Un syndicat de police tente d’intimider des ONG pour les faire taire
Un article de La Voix du Nord rapporte les propos d’un syndicat de police, UNSA-Police, accusant l'ACAT d'avoir tenu des propos diffamatoires envers les forces de sécurité. L'ACAT apporte sa réaction à cette accusation sans fondement et aux menaces inacceptables qui l'accompagnent.
« Surenchère de propos diffamants à l’encontre des forces de l’ordre »
Depuis 2016, « certains collectifs, ONG et associations (l’ACAT, Médecins sans frontières ou encore la Commission des droits de l’homme de l’ONU, selon le syndicat) se sont livrées à une véritable surenchère de propos diffamants à l’encontre des forces de l’ordre, accusées d’exactions, sans preuve ». Telles sont les accusations découvertes par l'ACAT dans un article publié sur le site du journal La Voix du Nord le 9 septembre 2017. [1]
Quelques jours auparavant, le syndicat de police UNSA-Police déposait une plainte contre deux associations d'aides aux migrants de Calais [2], pour avoir tenu selon eux des propos diffamatoires envers les forces de l'ordre. Les deux associations avaient notamment dénoncé une « chasse à l’homme », des « violences policières incessantes » et des « entraves aux distributions de repas ». [3]
Revenant sur les motifs de ces deux plaintes, le syndicat de police estime que depuis 2016, plusieurs associations - dont l'ACAT - et instances internationales (Nations-Unies), se sont livrées à « une surenchère de propos diffamants » contre la police en dénonçant des faits de violences policières illégales. Le syndicat entend faire cesser ce type de dénonciations.
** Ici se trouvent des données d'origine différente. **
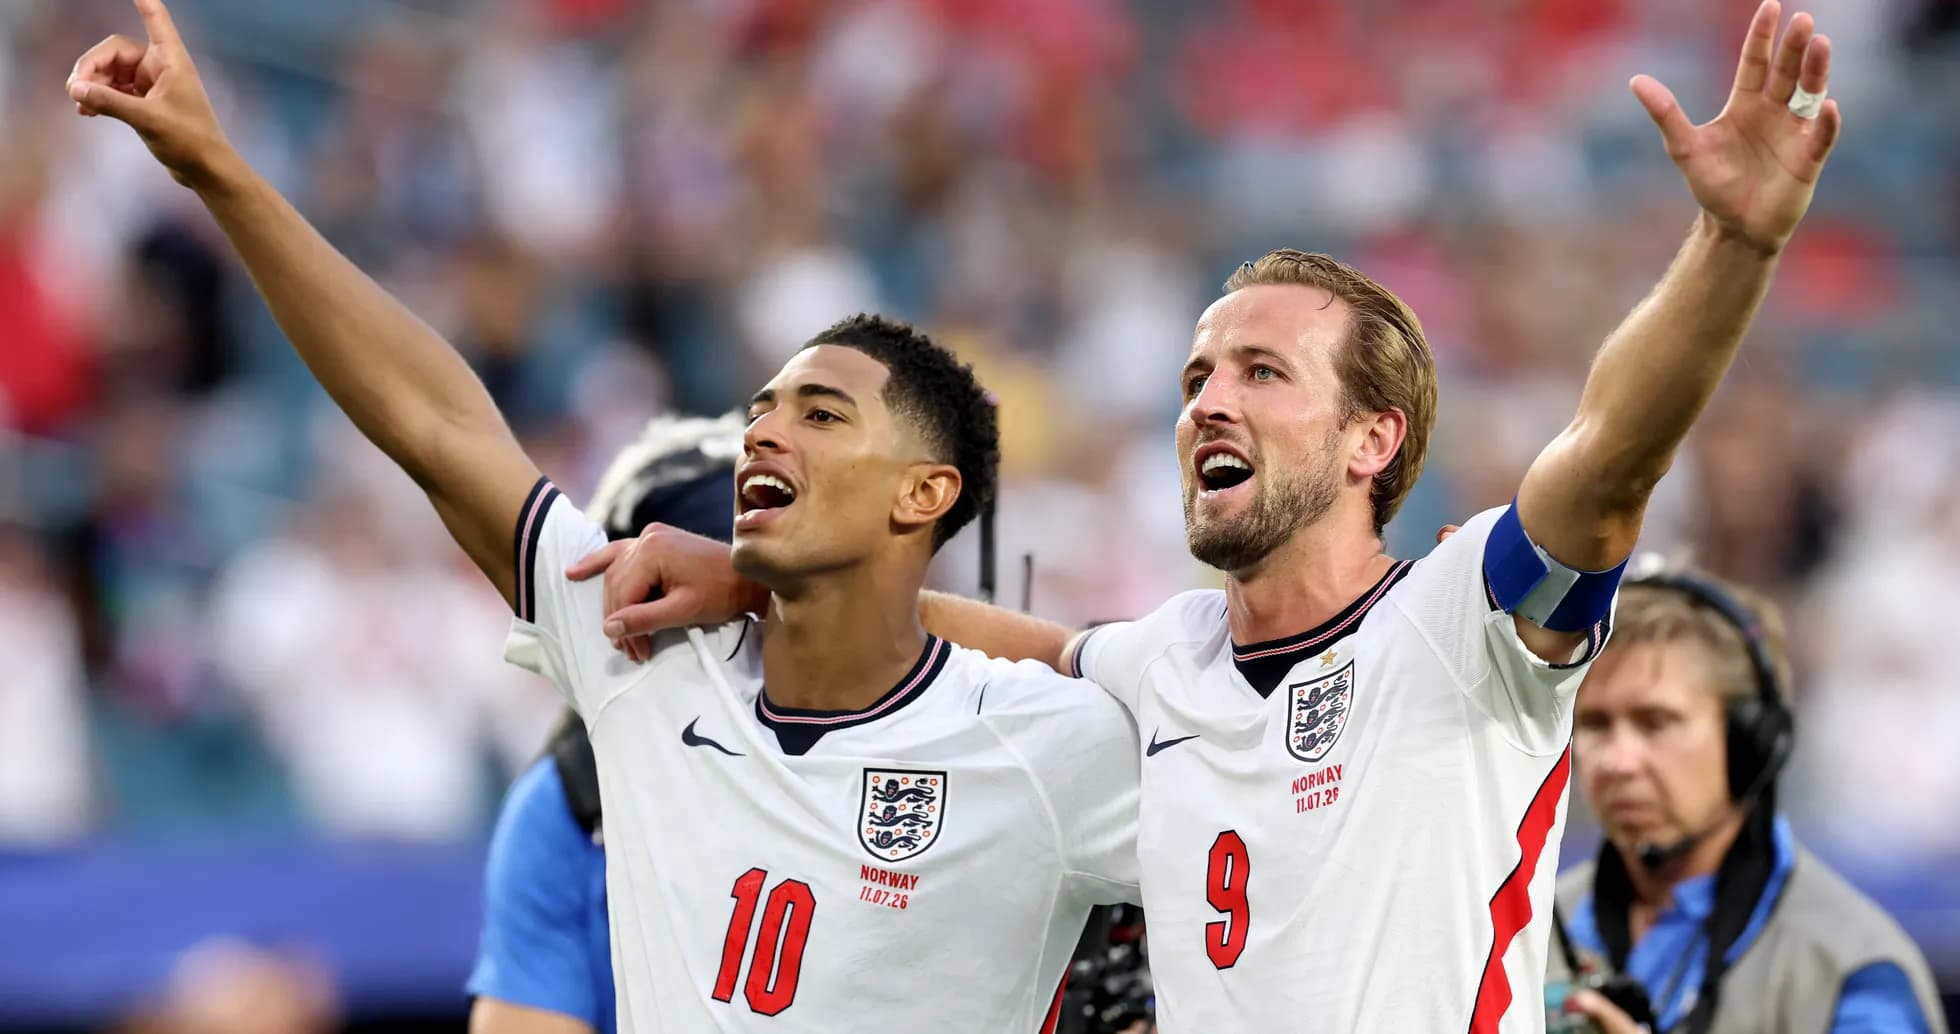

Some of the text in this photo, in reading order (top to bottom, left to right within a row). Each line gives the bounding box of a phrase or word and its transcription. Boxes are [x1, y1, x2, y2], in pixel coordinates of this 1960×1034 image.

[1291, 763, 1343, 795] NORWAY
[1296, 786, 1341, 814] 11.07.26
[860, 864, 919, 891] NORWAY
[859, 885, 909, 911] 11.07.26
[1205, 830, 1251, 970] 9
[711, 867, 817, 1017] 10
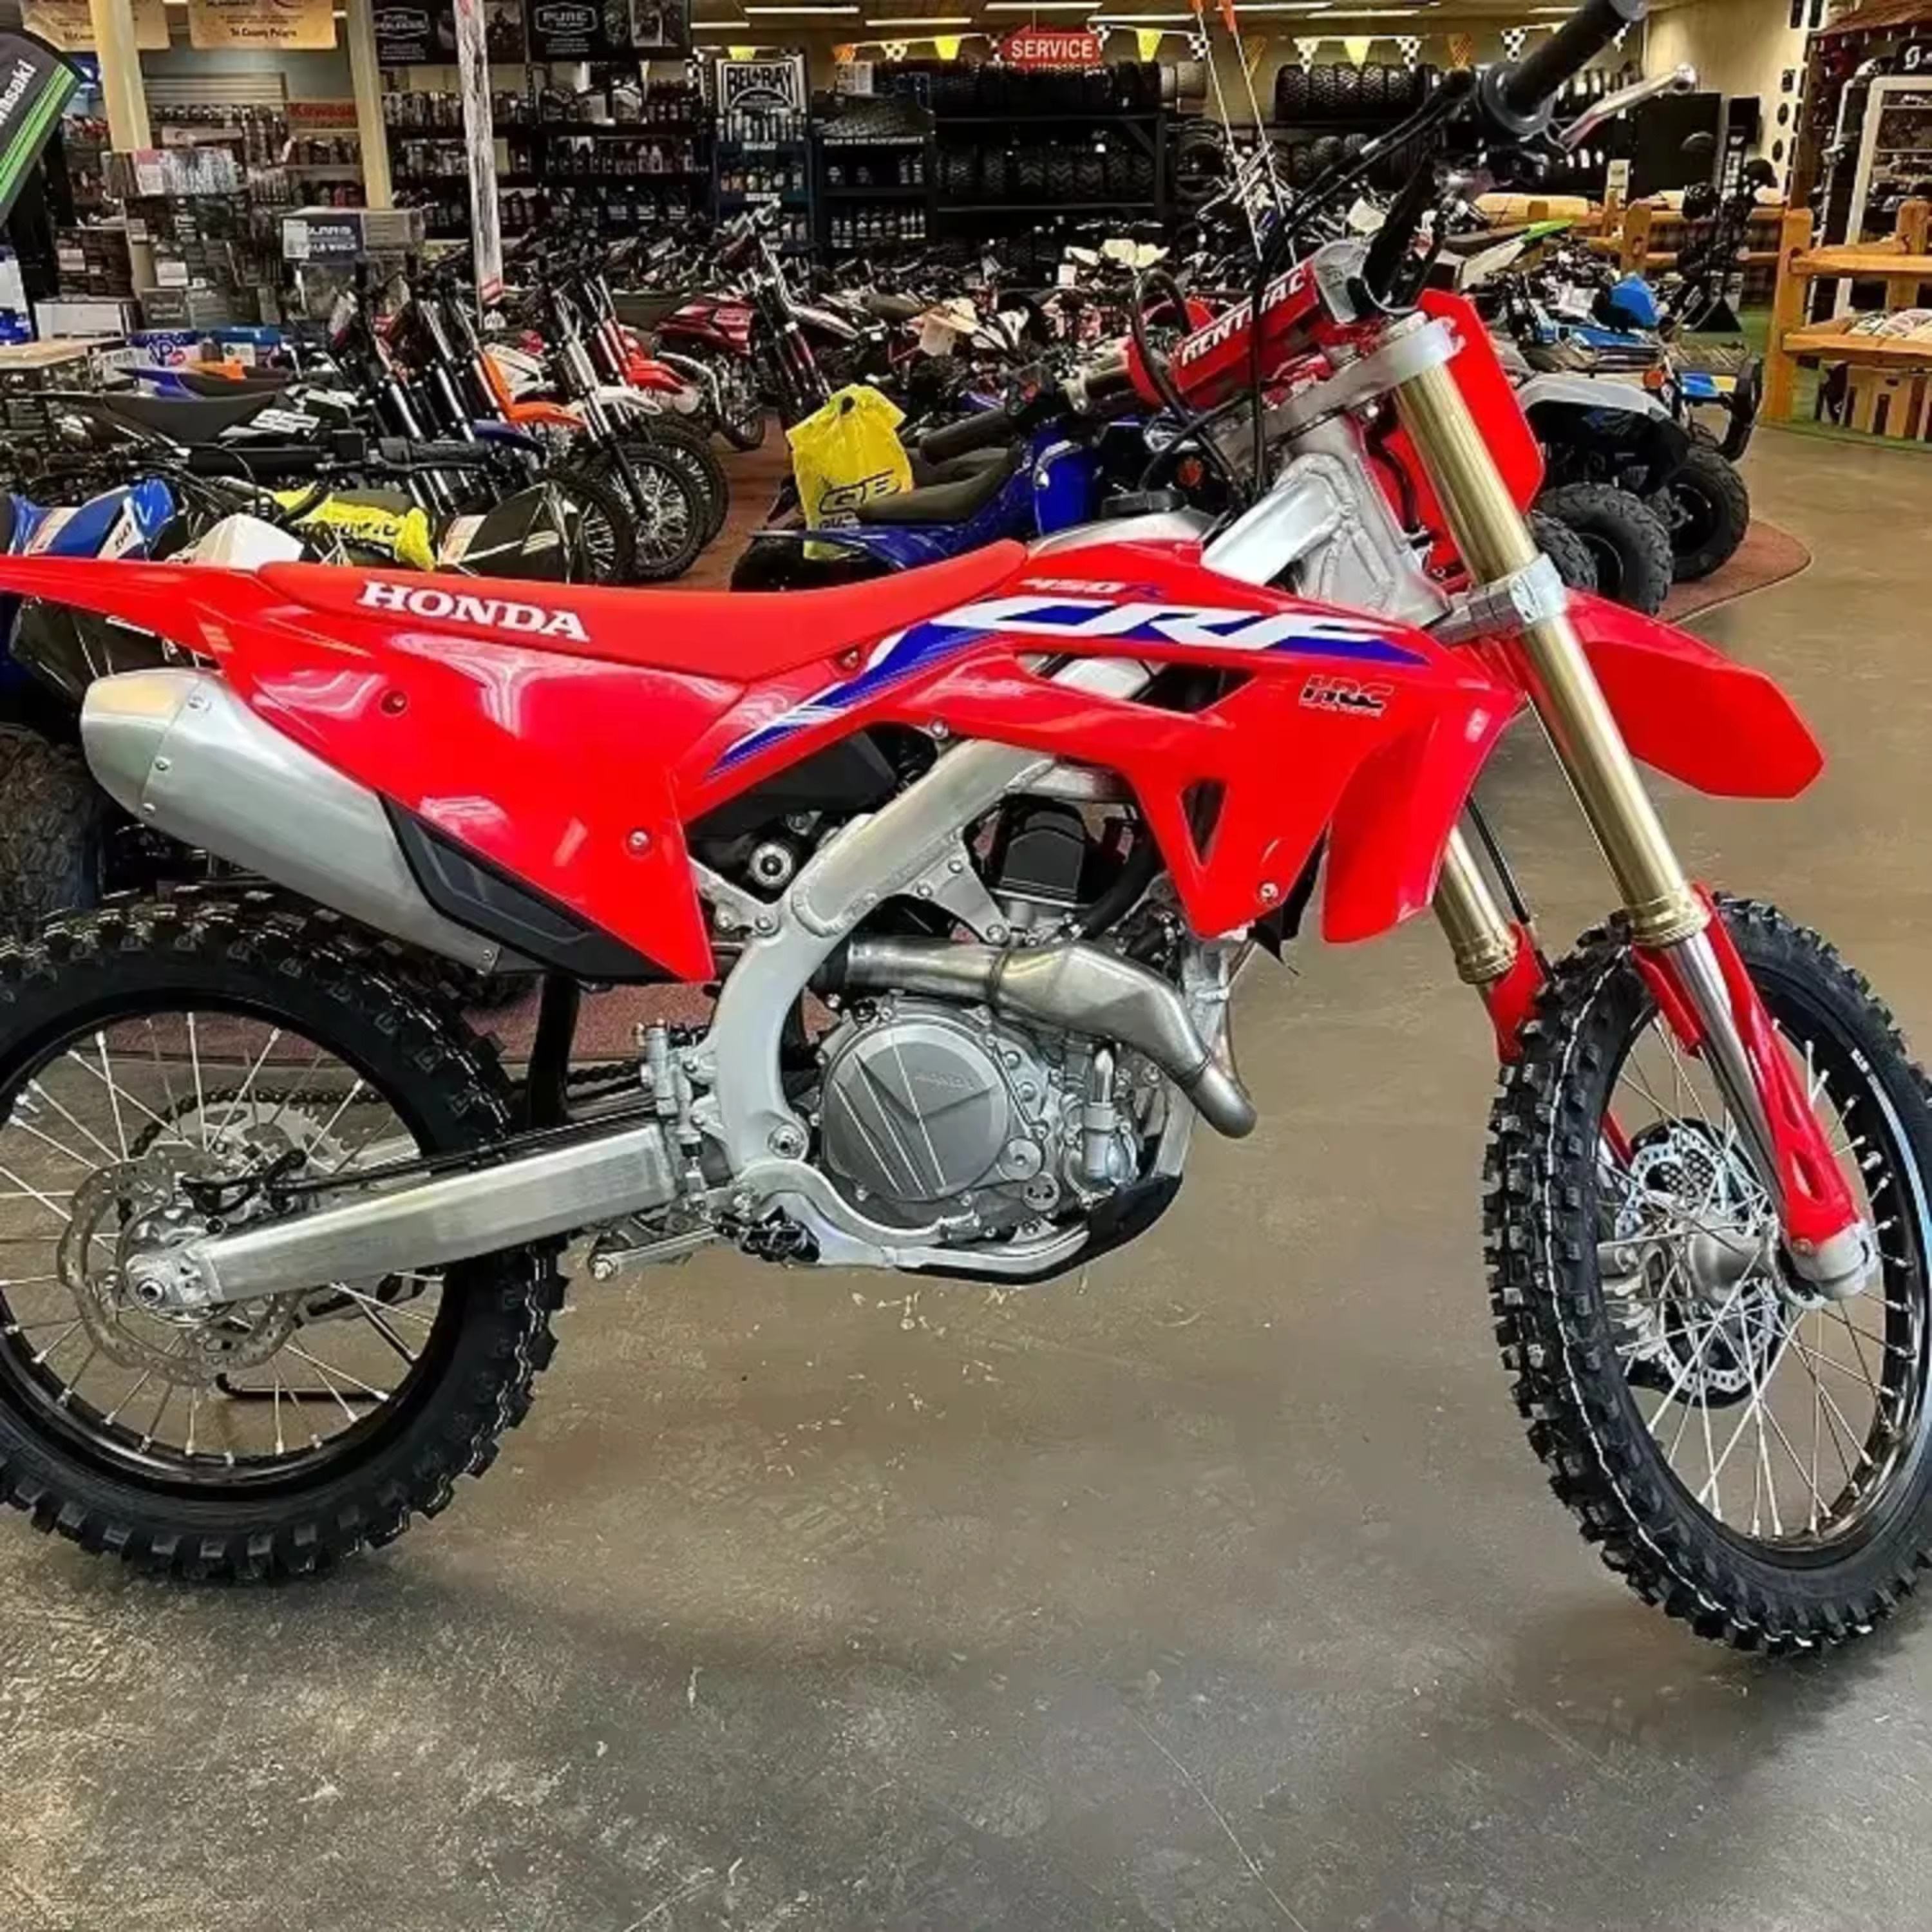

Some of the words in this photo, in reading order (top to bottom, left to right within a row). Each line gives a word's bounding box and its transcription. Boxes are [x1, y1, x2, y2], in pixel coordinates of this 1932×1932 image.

[1011, 38, 1094, 59] SERVICE
[355, 580, 591, 643] HONDA
[929, 595, 1406, 650] CRF
Face aux accusations, les faits
L'ACAT s'étonne de cette accusation récente du syndicat UNSA-Police, tant sur le fond que sur la forme. L'ACAT a publié, en mars 2016, un rapport d’enquête intitulé « L'ordre et la force », dans lequel elle questionne les moyens, modalités et contrôle du recours à la force par les représentants de la loi en France. [4] Depuis cette date, aucun syndicat, institution de police et de gendarmerie ou représentant des autorités françaises avec qui nous avons eu l'occasion d'échanger à plusieurs reprises sur ce sujet, n'ont jamais évoqué de quelconques propos diffamants qui auraient pu être tenus par l'ACAT envers les forces de l'ordre.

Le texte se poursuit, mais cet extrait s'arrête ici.